Firenze, the Cradle of the Renaissance

Firenze, the Cradle of the Renaissance


Florence, Firenze. While Rome sports its millennia of ancient culture Florence holds its own being the birthplace of the Renaissance. Moreover I personally think Florence is a much more photogenic city, but you may judge for yourselves When I first arrived I ran into a 76 year old man whose influence on me will be the subject of a separate post. Nonetheless, I will say I spent my entire first evening with him, wandering around the city and chattering. I will certainly admit I prefer to travel alone now, as I hardly got to see anything with the constant conversation. Sometimes, when the goal is incessant fascination, company only gets in the way of the present. While I need my human interaction, just like any social human being, I still believe that some hangings are best done alone, and now I am firmly of the opinion that backpacking is one of them.

But alas, my first evening was uneventful save a sighting of a fortress that is off limits to tourists. As I wanted to go to Pisa too, a two hour round trip, I knew I would have to get a LOT done my first full day, as the dawn of my third day would be my trip to Venice.

It was on this note that I resolved to wake up at 600 to catch the sunrise on a particularly picturesque plaza, the Piazza le Michelangelo. Fortunately for me, I woke up early at 530 and couldn’t fall back asleep, so I left early. It turned out I massively miscalculated the sunrise and would have missed it on my normal time (again, Daylight Savings Time). But instead, after a brisk jog through Florence at dawn and many wrong turns, I arrived at the plaza for a great view. Not ten minutes later, the sun joined me, and I was rewarded for my efforts by the photo you saw at the beginning.

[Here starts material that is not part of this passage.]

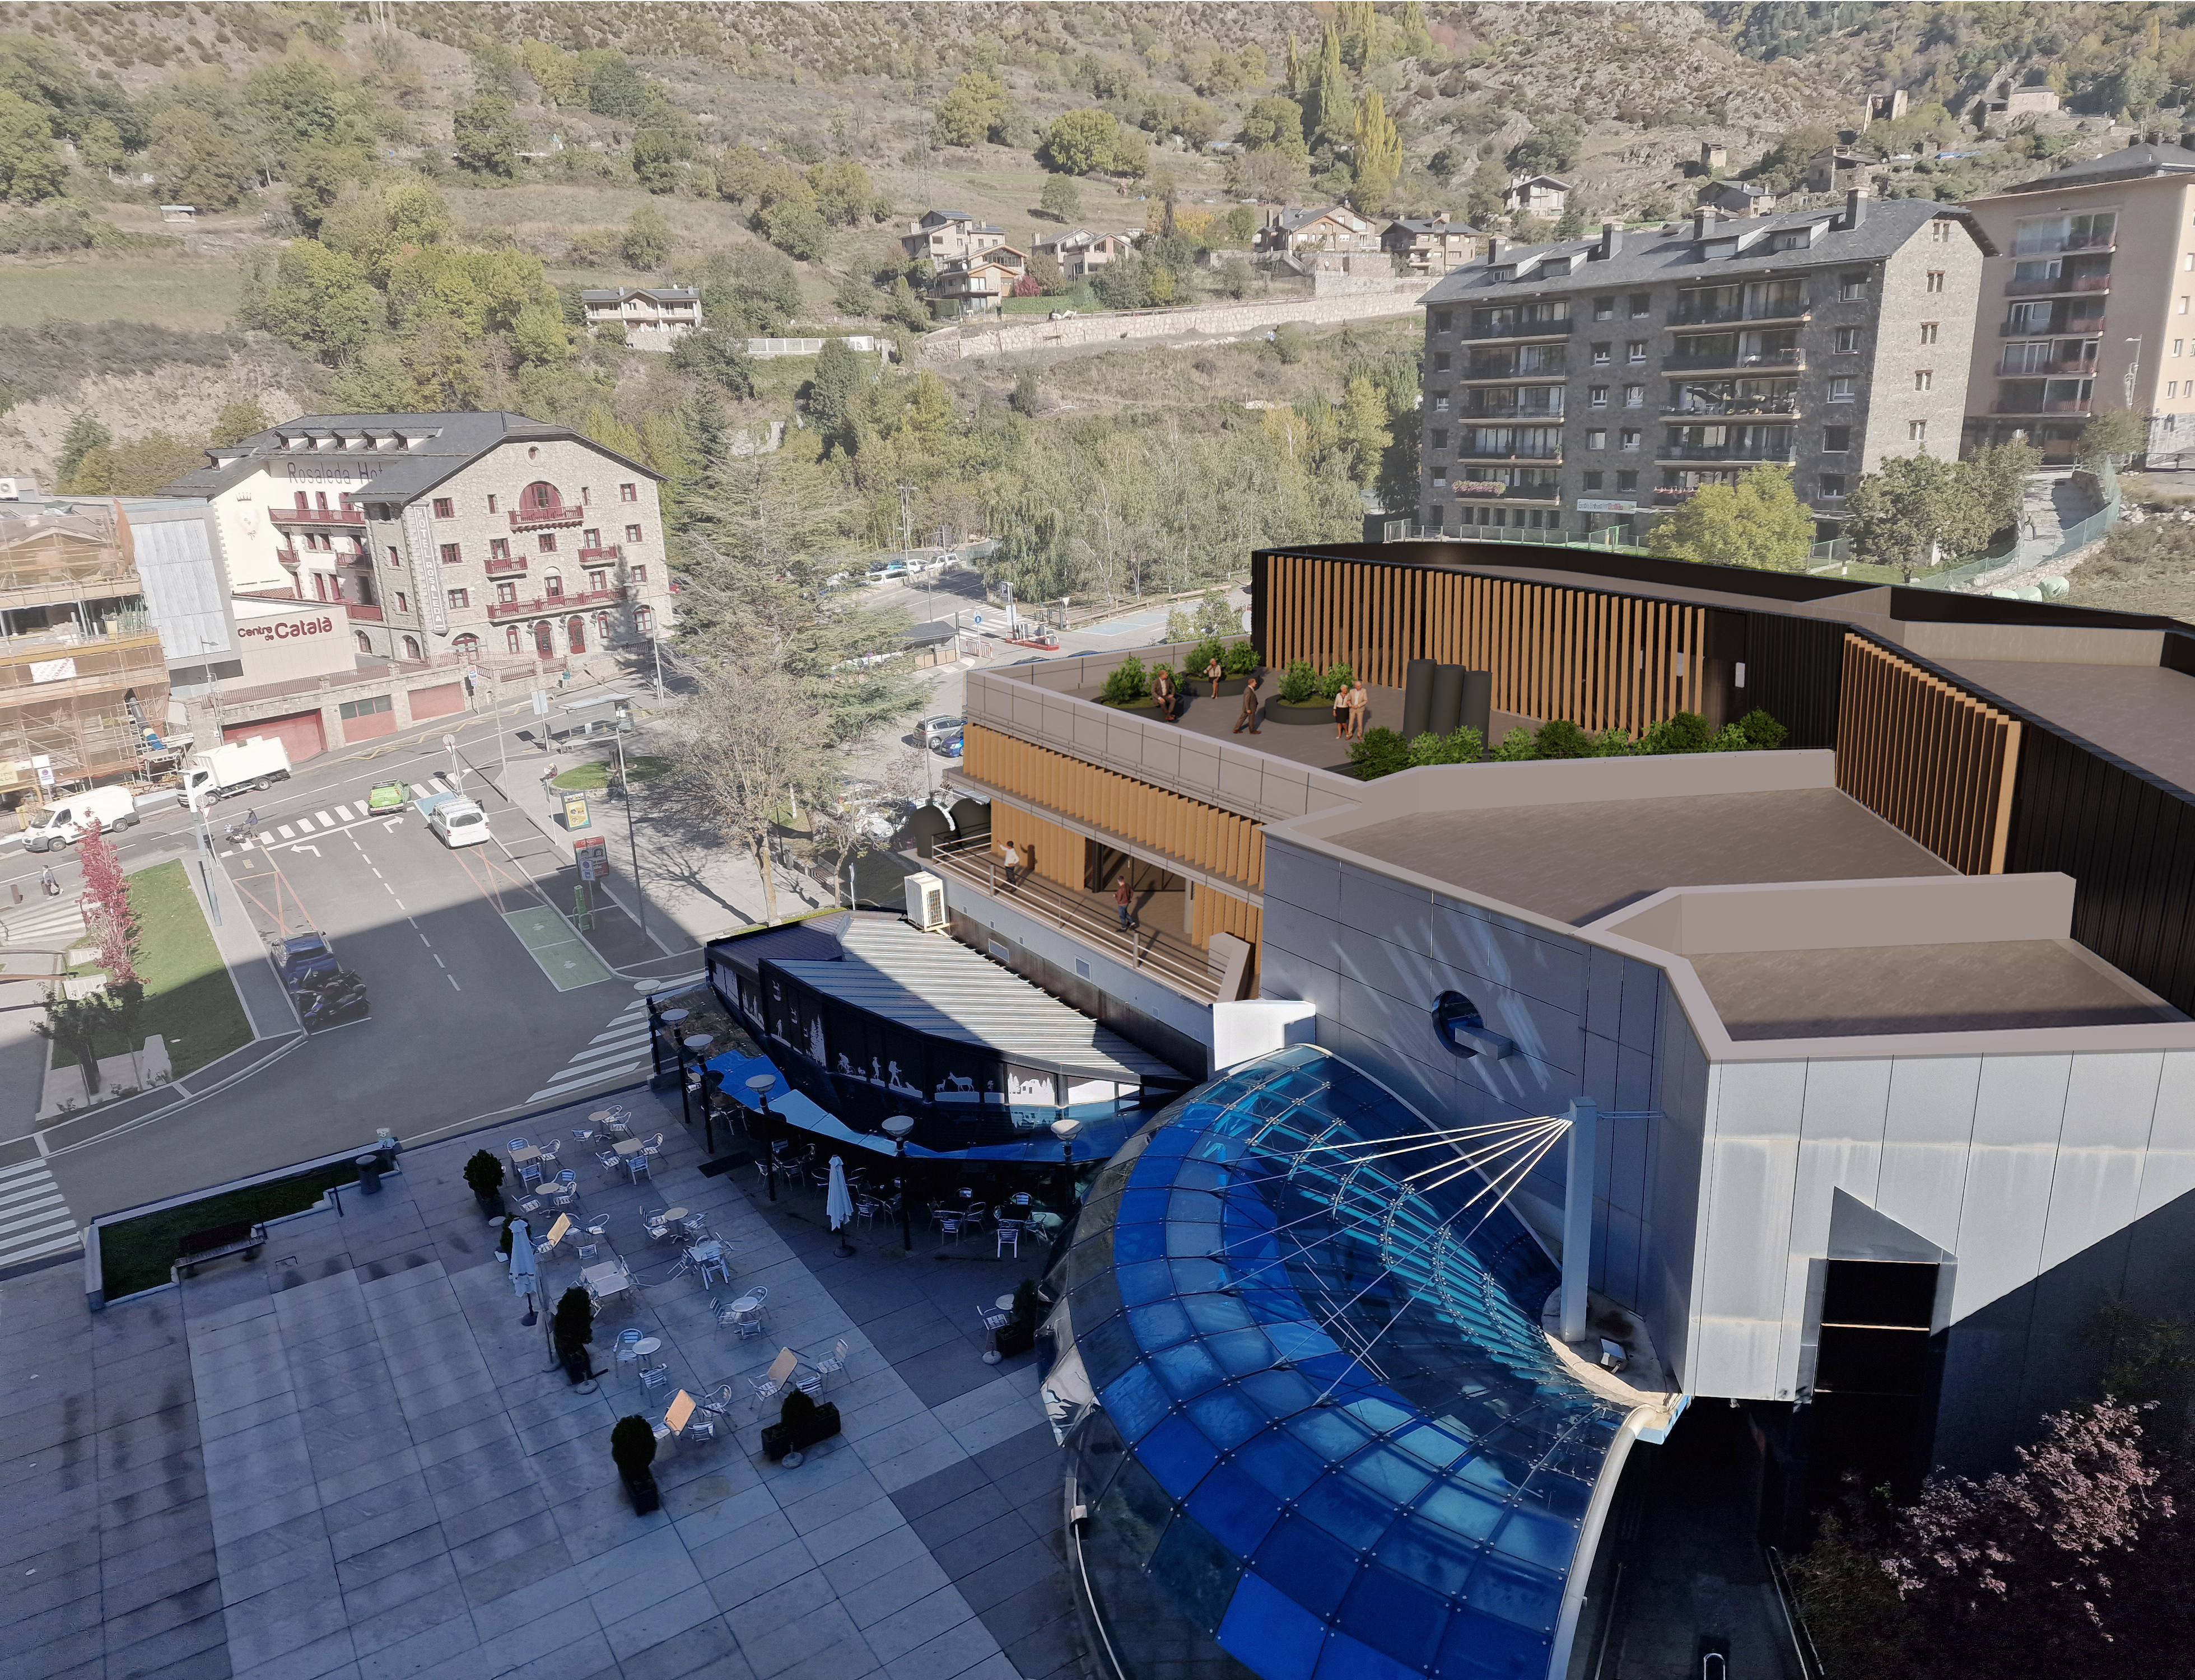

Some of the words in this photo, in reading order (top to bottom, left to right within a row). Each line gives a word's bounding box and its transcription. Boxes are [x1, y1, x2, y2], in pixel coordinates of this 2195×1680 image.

Spurred by this fantastic start to my day, I explored the hilltop briefly before heading over to the Uffizi Museum, a premier art museum, 15 minutes before opening. Again, Lady Luck rewarded my proactivity. The museum lets people in about groups of twenty people very fifteen minutes, and within ten minutes of my arrival the line ballooned to four times its earlier size. By being ten minutes early I saved at least an hour of a wait.

It was here indeed that I booked my audioguide, and while I’m still not the biggest fan of the heavily religious renaissance art, I certainly enjoyed the museum much more given the narrative. I was aided by many passersby gawking at certain paintings, my criterion for whether something was good (the audioguide was inconsistent in identifying enjoyable artwork).

Two hours later an art Luddite left the museum reinvigorated and better educated. I then headed to the Basilica of Santa Croce, the Temple of Italian Glories. Oh boy that was great; outside of the usual Michelangelo, Da Vinci, Galileo that lie there I also ran into Enrico Fermi the physicist and Cristofori the inventor of a key mechanism in pianos. This latter I was very proud of finding, as he was in a very out of way, very faded grave, yet my insistence on reading every sizable gravestone of this short alley brought me to this hidden gem.

I then made my way to the Duomo, supposedly the biggest attraction in Florence. While the exterior was indeed stunning, the interior lacked significantly. Perhaps I have been simply inundated with the grandeur of reknowned Basilicas; see for yourself

I then found my way to the Medici chapel where the Medicis are buried in a splendid dome designed by Michelangelo, and to the Galleria containing Michelangelo’s masterpiece David.

Finally, I tried to rush back to the Piazza le Michelangelo for the sunset, but missed it by a mere six minutes.I stayed behind for a bit and got a great nighttime shot of Florence still; much prettier than Rome

The next day I started by going to Pisa, after a four euro buffet breakfast that quickly became brunch for me. The tickets were flexible time by default, so I could leave whenever I woke up and come back whenever I was done! Great news for a very sleepy and tired Yubo, who after much laziness and eating eft the hostel at 10.

I left for Pisa on a train that arrived at 1150. My original plan was to beeline to the Tower and come back to Florence by 2 to do everything I wanted to, but I ran into a lovely American family also going around Italy and tagged along for the trip. While it meant we could discuss the sites (and trade pictures, and I got to learn a bit more about the sites than I deserved since they had a booklet and prior knowledge), it also meant that I went much slower than my solo pace. As a result, I only got back to Florence at 3, a full hour less than expected, meaning I had to make some crucial choices about what to visit.